Advantage: New York Rangers, but only because in a New York (power play) minute anything can change. If the Rangers fail to draw penalties, this could lean towards the Habs. (Yes, I’m sitting squarely in the fence on this one.)
4) The X-Factors:
For the Rangers, the aforementioned power play is an obvious x-factor. While his peak goal-scoring days are behind him, Rick Nash was still tied for the team lead in power play goals and has the ability to put the puck in the net, the Rangers will need him if they hope get to Price. JT Miller and Kevin Hayes give the Rangers scoring depth and create the offensive balance the Habs seem to lack. However, the key x-factor is Mika Zibanejad. A player familiar with the Habs from his Senator days, Zibanejad put up 37 points in 56 games. He will be tasked with slowing down the Habs top line, while chipping in with some offense. If he can add that extra layer of depth to an already deep lineup, it will add significant pressure on the Habs’ defense corps.
As far as the Habs are concerned, they have a certain 4th line left winger that has been the talk of the town before this playoff series kicks off. Alex Galchenyuk began this season as the Habs’ number one center. He led the team in scoring when he sustained a knee injury that knocked him out of action for 6 weeks. Upon his return, he resumed the top center role, but seemed to struggle defensively. Although he was driving offense at a high rate, his defensive mishaps caused him to slide down the line up, eventually ending up on the wing. To be clear, Galchenyuk is the Canadiens’ best offensive center and he’s playing on the 4th line…on the wing. He may the most obvious x-factor in playoffs history. If he can harness all that talent and take advantage of his playing time, it will add a dimension to the Habs attack that would have the Rangers scrambling. At 22 years old, Galchenyuk is still young enough to develop into that top line player, but it isn’t a stretch to call this the first major fork in his career.
Advantage: New York Rangers. They simply have more x-factors. A greater potential for their depth make an impact, including a guy I write about in the next section. (How’s that for cliffhanger? Not bad, right?)
For the longest time, the Habs were defined by their goalie and best player: Carey Price. Too often, during the Therrien era, Price was forced to support a leaky ship and force it through rough waters. It all came to head this year when the Habs’ penalty kill went into the tank. While his even strength save percentage was largely unaffected, his save percentage during the penalty kill plummeted. So what happened to the man who has been widely regarded as the best goalie in the world for the last 3 years? Did he forget how to play for a month? Did he throw in the towel? Well, the question was answered when Julien took over and shored up the penalty kill. After weeks of frustration, Price could focus on being the best goalie in the world, and since the coaching change, he has done just that.

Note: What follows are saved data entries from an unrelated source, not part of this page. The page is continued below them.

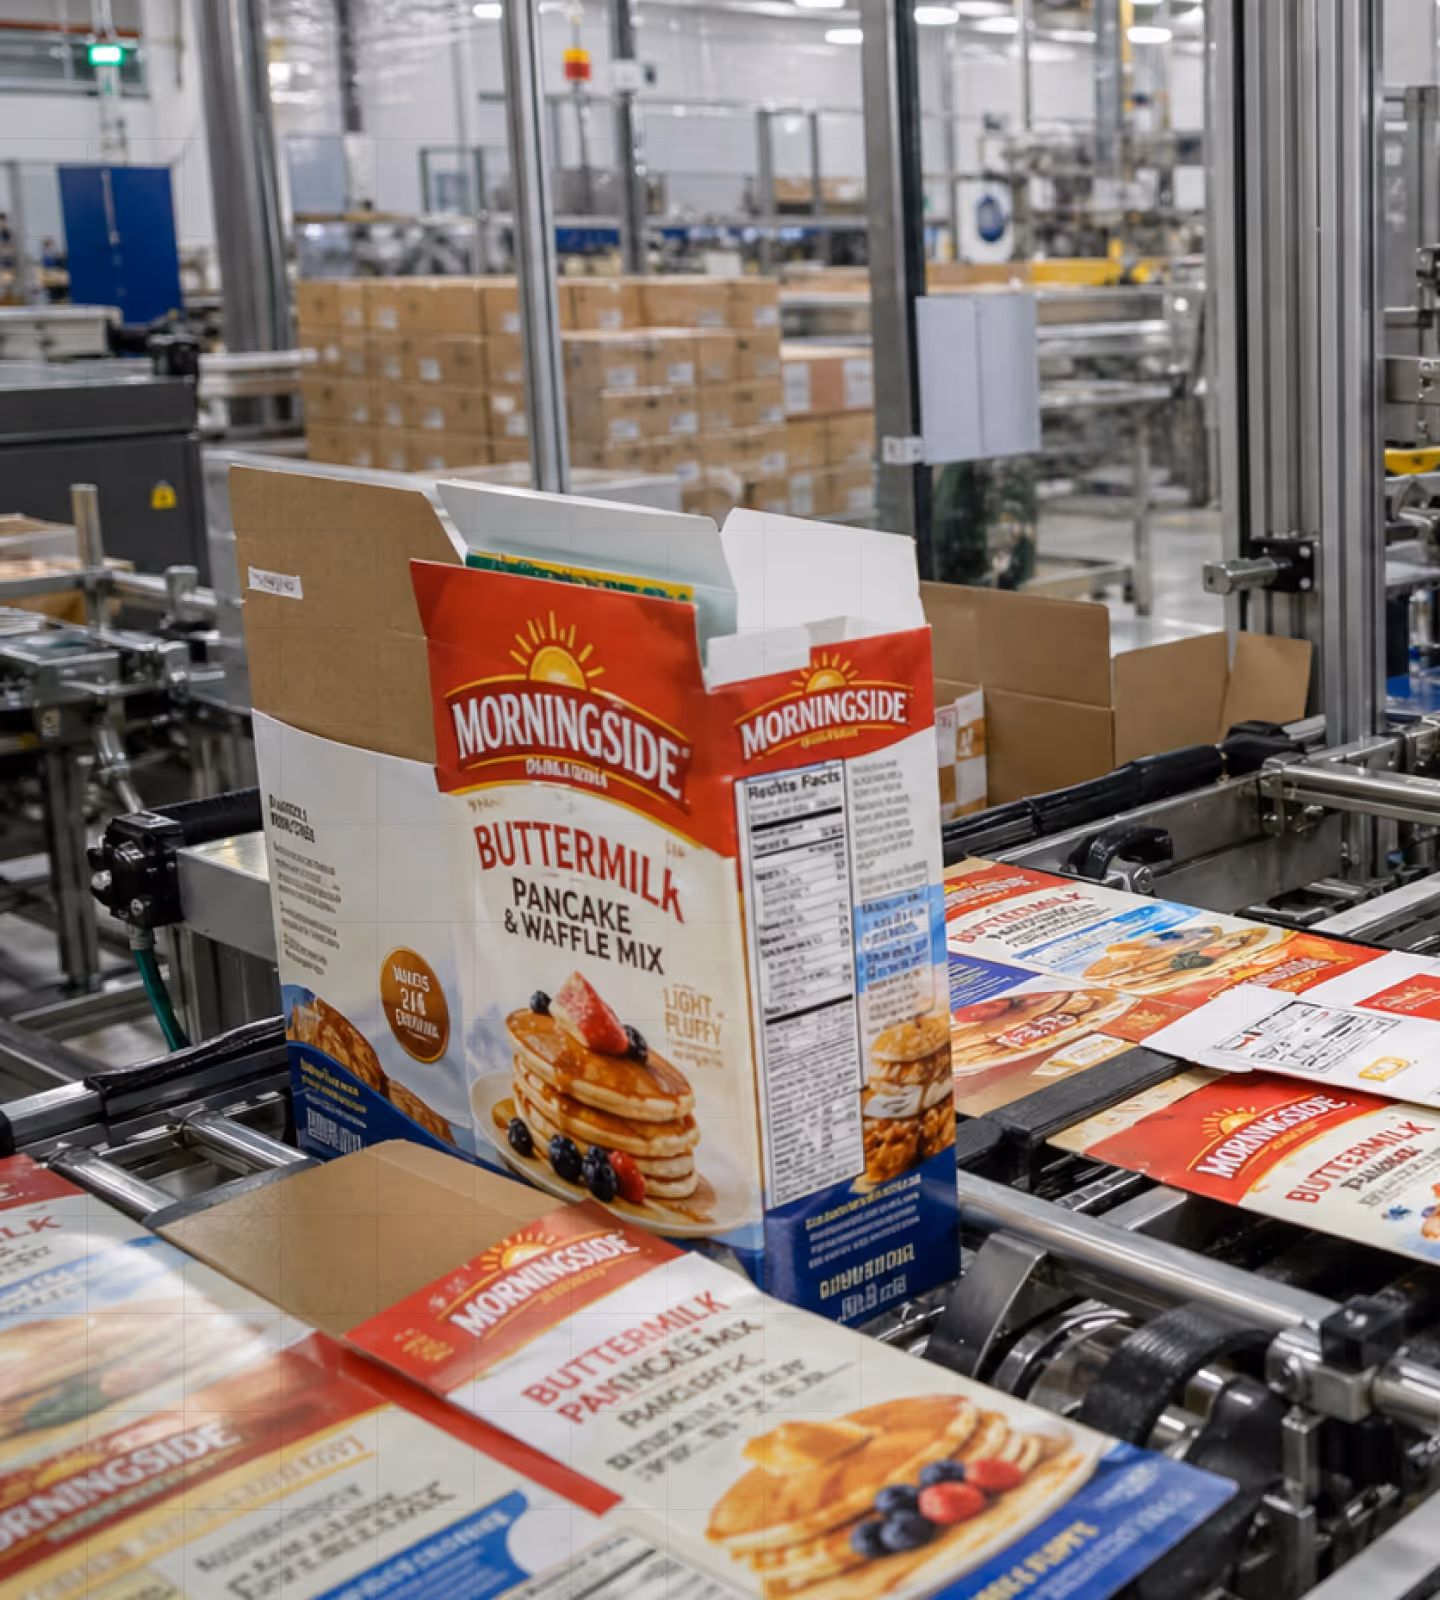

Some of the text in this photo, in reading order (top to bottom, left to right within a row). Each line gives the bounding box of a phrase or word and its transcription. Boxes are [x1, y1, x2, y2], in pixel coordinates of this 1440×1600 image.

[450, 693, 681, 799] MORNINGSIDE
[740, 691, 908, 760] MORNINGSIDE
[473, 820, 686, 923] BUTTERMILK
[512, 877, 632, 936] PANCAKE
[503, 907, 665, 976] & WAFFLE MIX
[450, 1231, 640, 1337] MORNINGSIDE
[0, 1421, 243, 1552] ORNINGSIDE
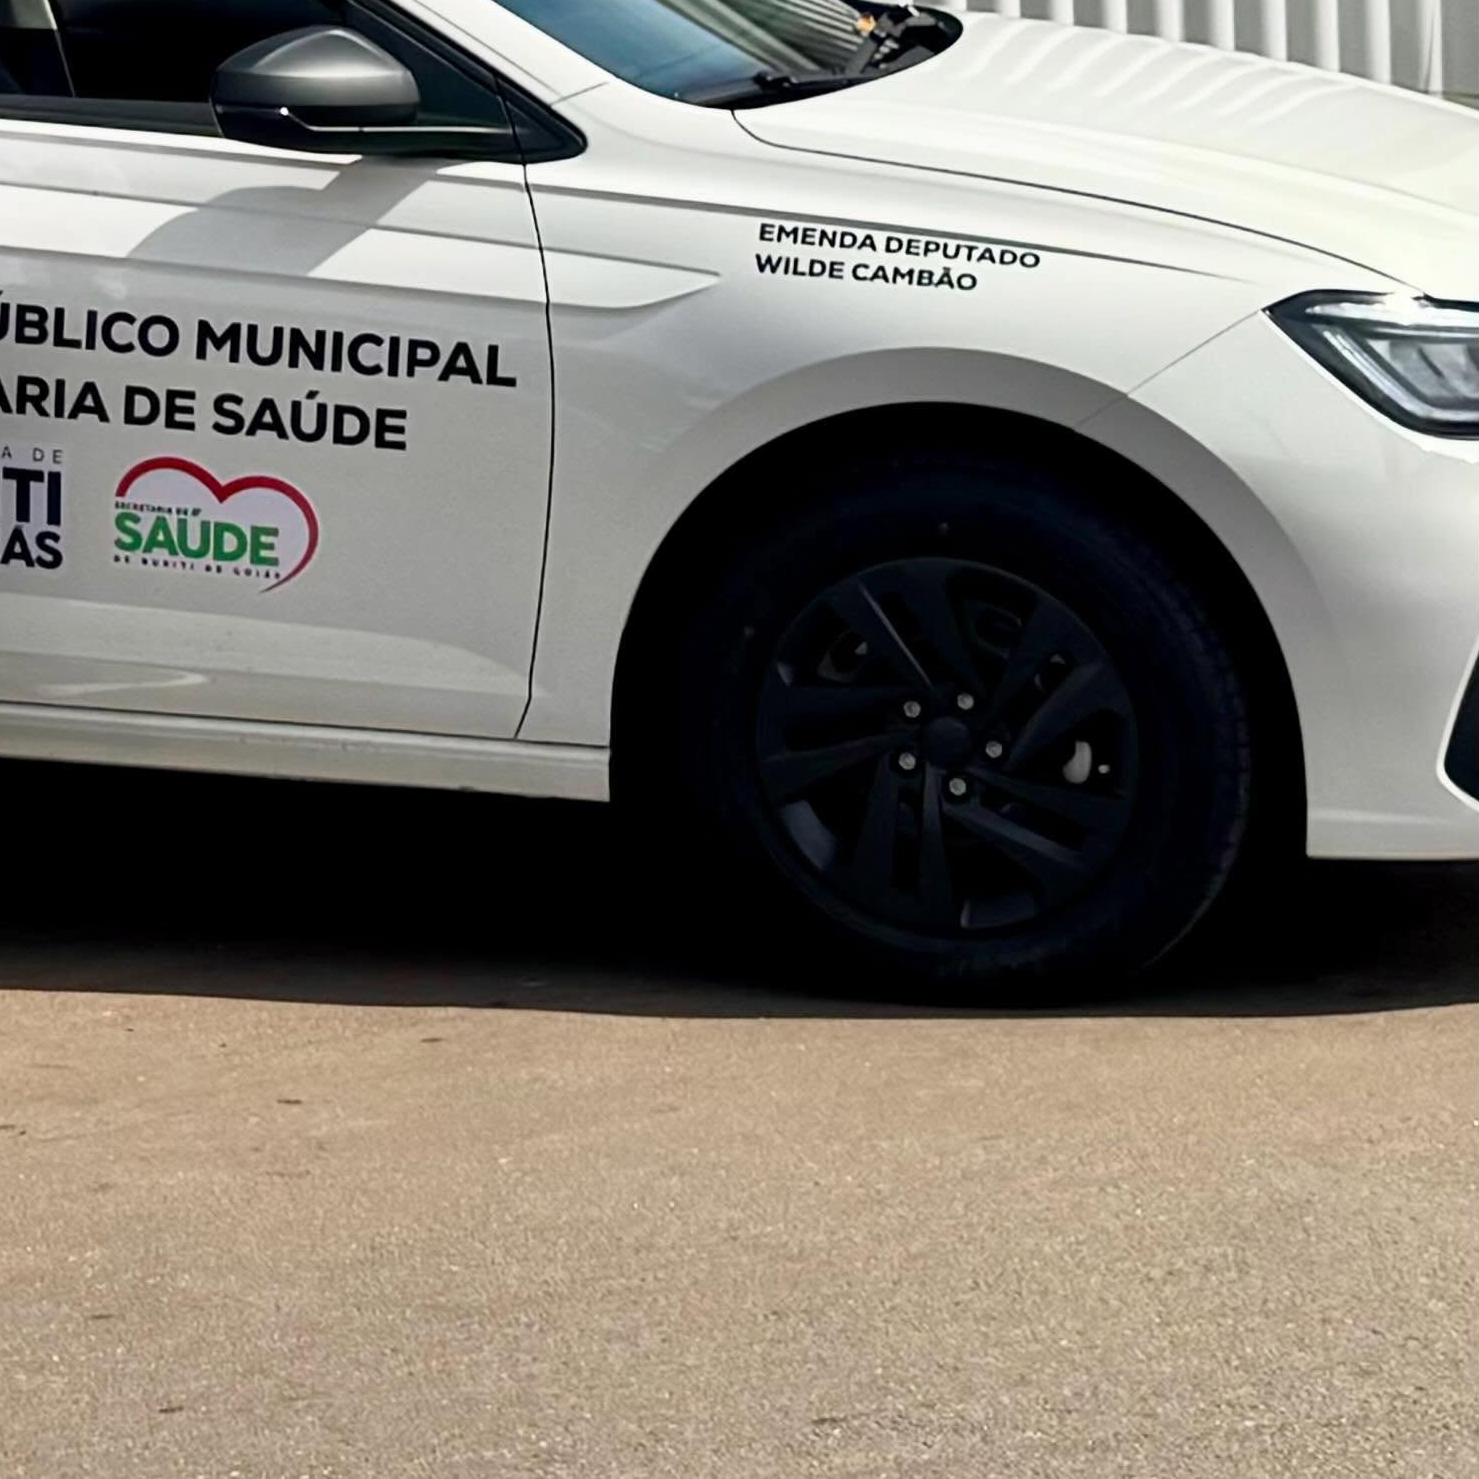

As for the Rangers, they have their own icon in nets. King Henrik Lundqvist has been one of the best goalies in the NHL for the better part of the decade. However, at the age of 34, Lundqvist has shown signs of slowing down. He put up the lowest save percentage of his career at .910, and was largely outplayed by his back up Antti Raanta. Having outlined the Rangers’ penalty kill struggles above, I decided to take a look at the goalies 5v5 save percentage. Sure enough, there was Price, sitting amongst the league leaders. When I lowered the threshold of games played, Raanta even showed up in the top ten. Lundqvist did not rank in the top 20 – astonishing, considering he has been the symbol of goaltending consistency over the last decade. Finally, I decided to look at save percentage with respect to high danger chances, as this is a good indicator of the goalies that can make the tough saves. Once again, Raanta bested Lundqvist. Granted Raanta played only 30 games compared to the 57 for Lundqvist, but it’s pretty clear that Raanta may serve as another x-factor in this series if the King stumbles. Lundqvist has been a competitor and elite athlete his whole career. It is unlikely he will let a difficult season hinder his desire and need to excel in the playoffs. However, what the mind and heart want, the body sometimes cannot follow. Considering his well documented trouble at the Bell Center, the Rangers’ coaches will have to keep a close eye on their franchise goalie.
Oh…I know what you’re thinking: “Hey Z…who led the league in the high danger save percentage??” Well that would be one, Carey Price.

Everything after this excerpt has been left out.